July 30 (Bloomberg) -- Sergeant Brian Moore had one foot in his bunker in April when a rocket exploded, spraying his back with a dozen bits of burning shrapnel. His spine swelled, paralyzing the New Hampshire National Guardsman for two days.

Two months later, back in New Hampshire from his second Iraq deployment, Moore, 47, told Republican presidential candidate John McCain that, even with his wounds, the U.S. troop surge has tamed the "wild West'' conditions of Moore's first tour in 2003 and 2004. Now, Moore told McCain in a meeting before a town-hall meeting, Baghdad streets are as safe as "downtown Nashua.''

Like Moore, New Hampshire's National Guard troops have almost all returned to their families and jobs, mitigating the Iraq War as an election issue in a swing state both parties are targeting. Two years after anti-war sentiment helped unseat incumbent Republicans in both of New Hampshire's congressional districts, voters rank economic worries and soaring fuel prices as bigger concerns.

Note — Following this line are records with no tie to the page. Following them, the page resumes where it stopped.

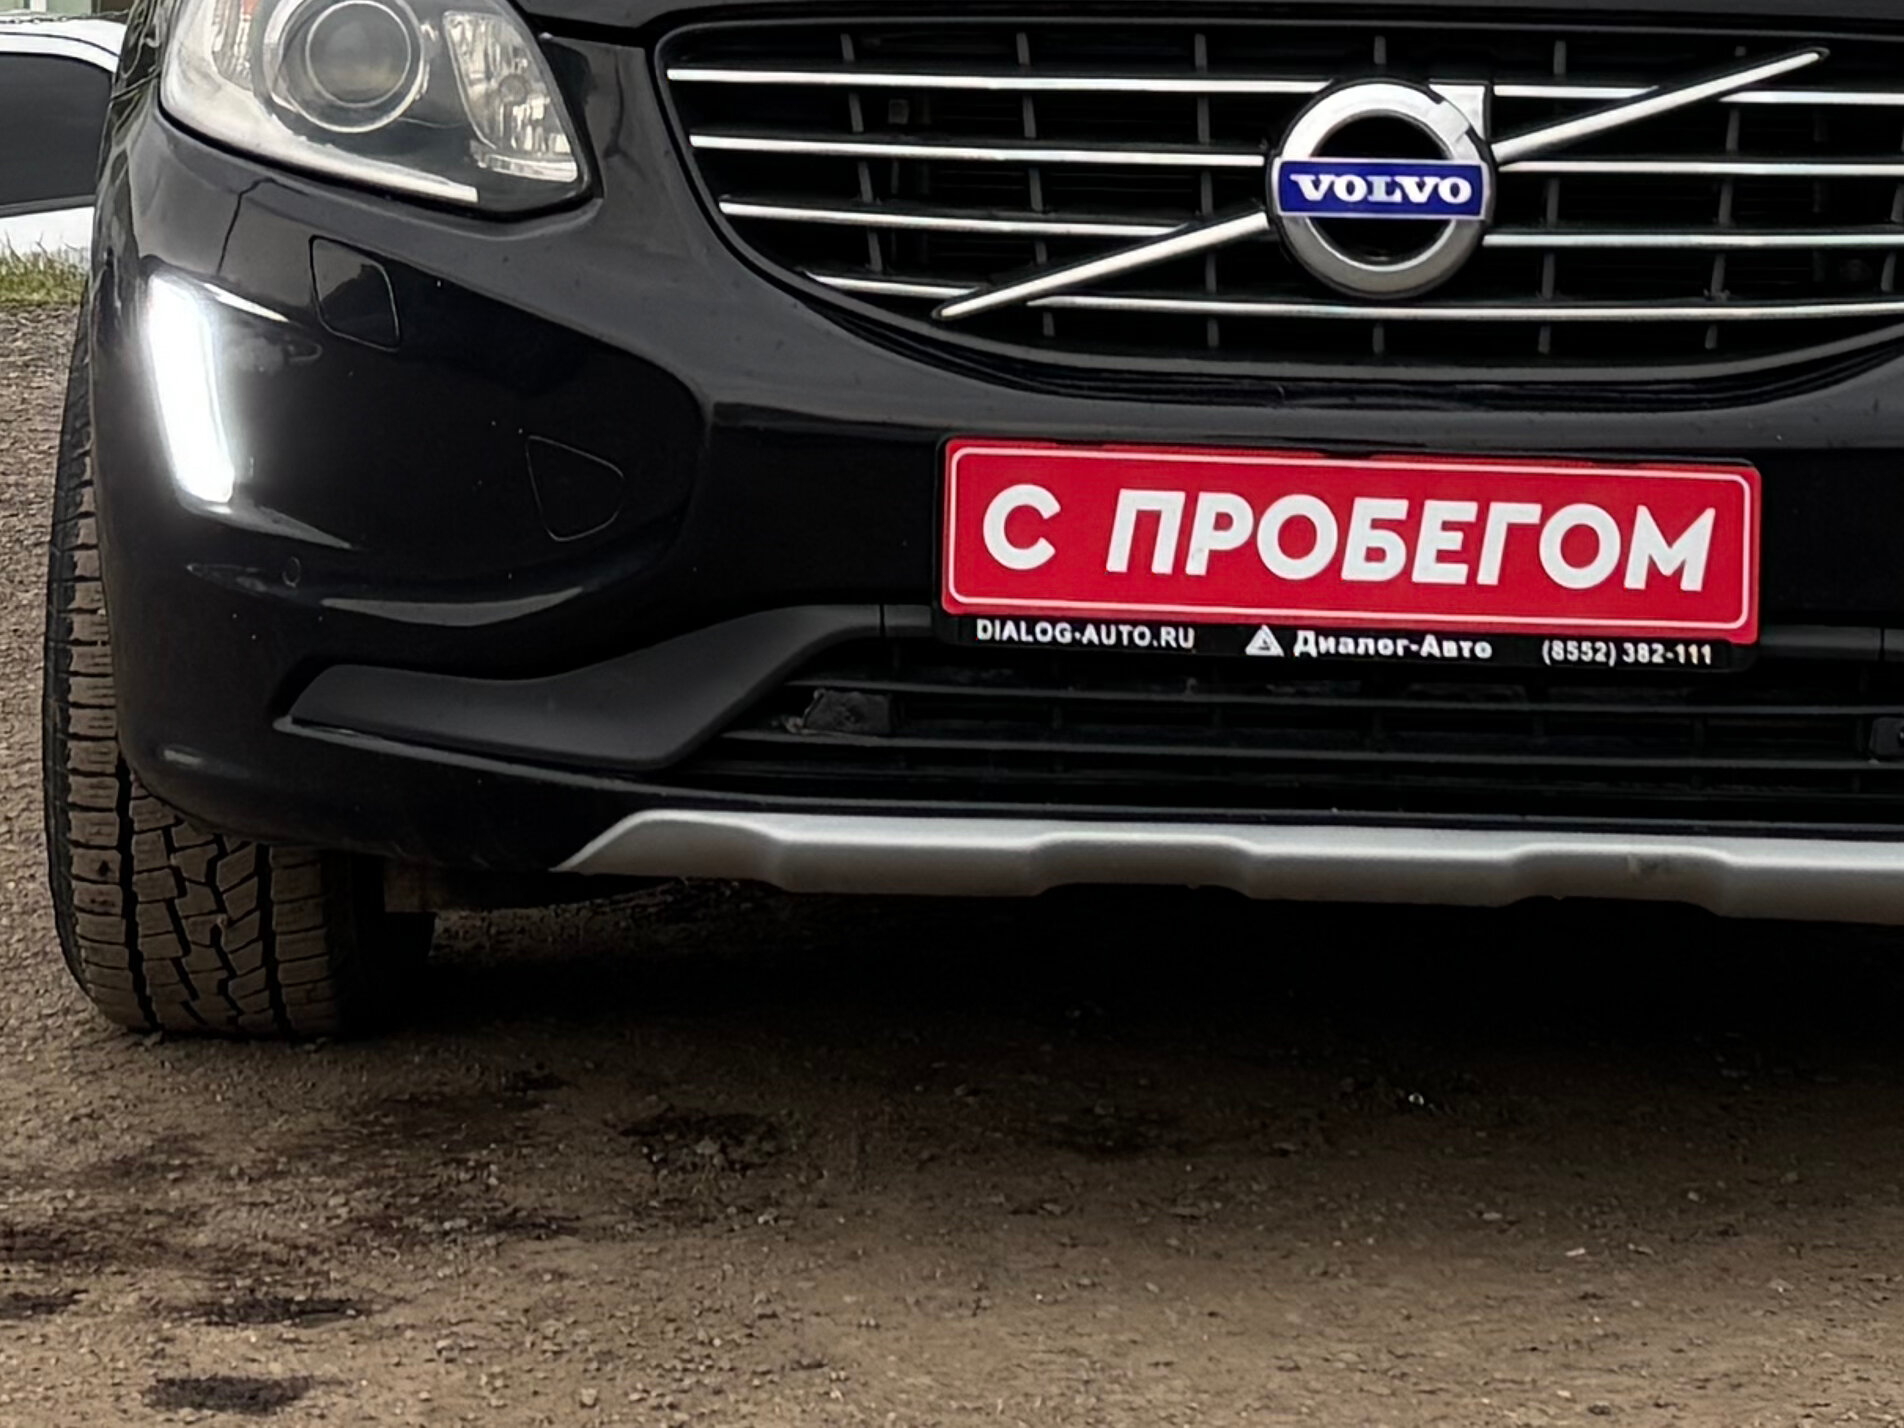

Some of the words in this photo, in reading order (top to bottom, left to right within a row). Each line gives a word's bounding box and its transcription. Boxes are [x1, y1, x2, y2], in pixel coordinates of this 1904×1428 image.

[1289, 173, 1472, 204] VOLVO
[982, 482, 1062, 571] С
[1106, 487, 1717, 592] ПРОБЕГОМ
[1294, 630, 1492, 659] Диалог-Авто
[1541, 640, 1616, 666] (8552)
[1622, 642, 1712, 665] 382-111

"More and more troops are coming home, and fewer and fewer people are being injured,'' said Dean Spiliotes, former research director for the New Hampshire Institute of Politics at Saint Anselm College. "That tends to take people's minds off the immediacy of the conflict.''

McCain and Democrat Barack Obama are battling for four electoral votes from New Hampshire, the only state Republican President George W. Bush won in 2000 and lost in 2004. Obama held a 46-43 percent lead over McCain, a statistical dead heat, in a University of New Hampshire Granite State Poll released last week.

Economy Trumps Iraq

Iraq, New Hampshire voters' second-biggest issue in April, dropped to fourth place, with 8 percent picking it as their top concern. "In 2006, the war certainly was the motivating issue for Democrats, and it depressed turnout and overall depressed Republicans,'' said Andy Smith, who conducted the poll. "Today, it's all about the economy.''

More than four of 10 New Hampshire voters picked "jobs and the economy'' as the most important campaign issue, followed by gasoline prices and health care.

Diminishing voter concern about Iraq isn't necessarily good news for McCain. In the presidential race, "all the data out there show that Democrats do better on domestic issues,'' Spiliotes said. "If the economy is trumping everything, that should help the Democrats.''

New Hampshire Focus

Both campaigns have lavished attention on New Hampshire. Obama, who lost the state's primary to Hillary Clinton, picked Unity, New Hampshire, for his first appearance with the New York senator after clinching the Democratic nomination.

McCain has visited New Hampshire three times since he revived his campaign by winning January's primary. In Rochester last week, McCain criticized Obama's opposition to the surge and his calls for a troop-withdrawal timetable. "It seems to me that Senator Obama would rather lose a war in order to win a political campaign,'' McCain said.

Moore, a high school English teacher and father of four, is among almost 12,000 Guard troops who have returned stateside this summer to share first-hand accounts of conflicts that have divided public opinion.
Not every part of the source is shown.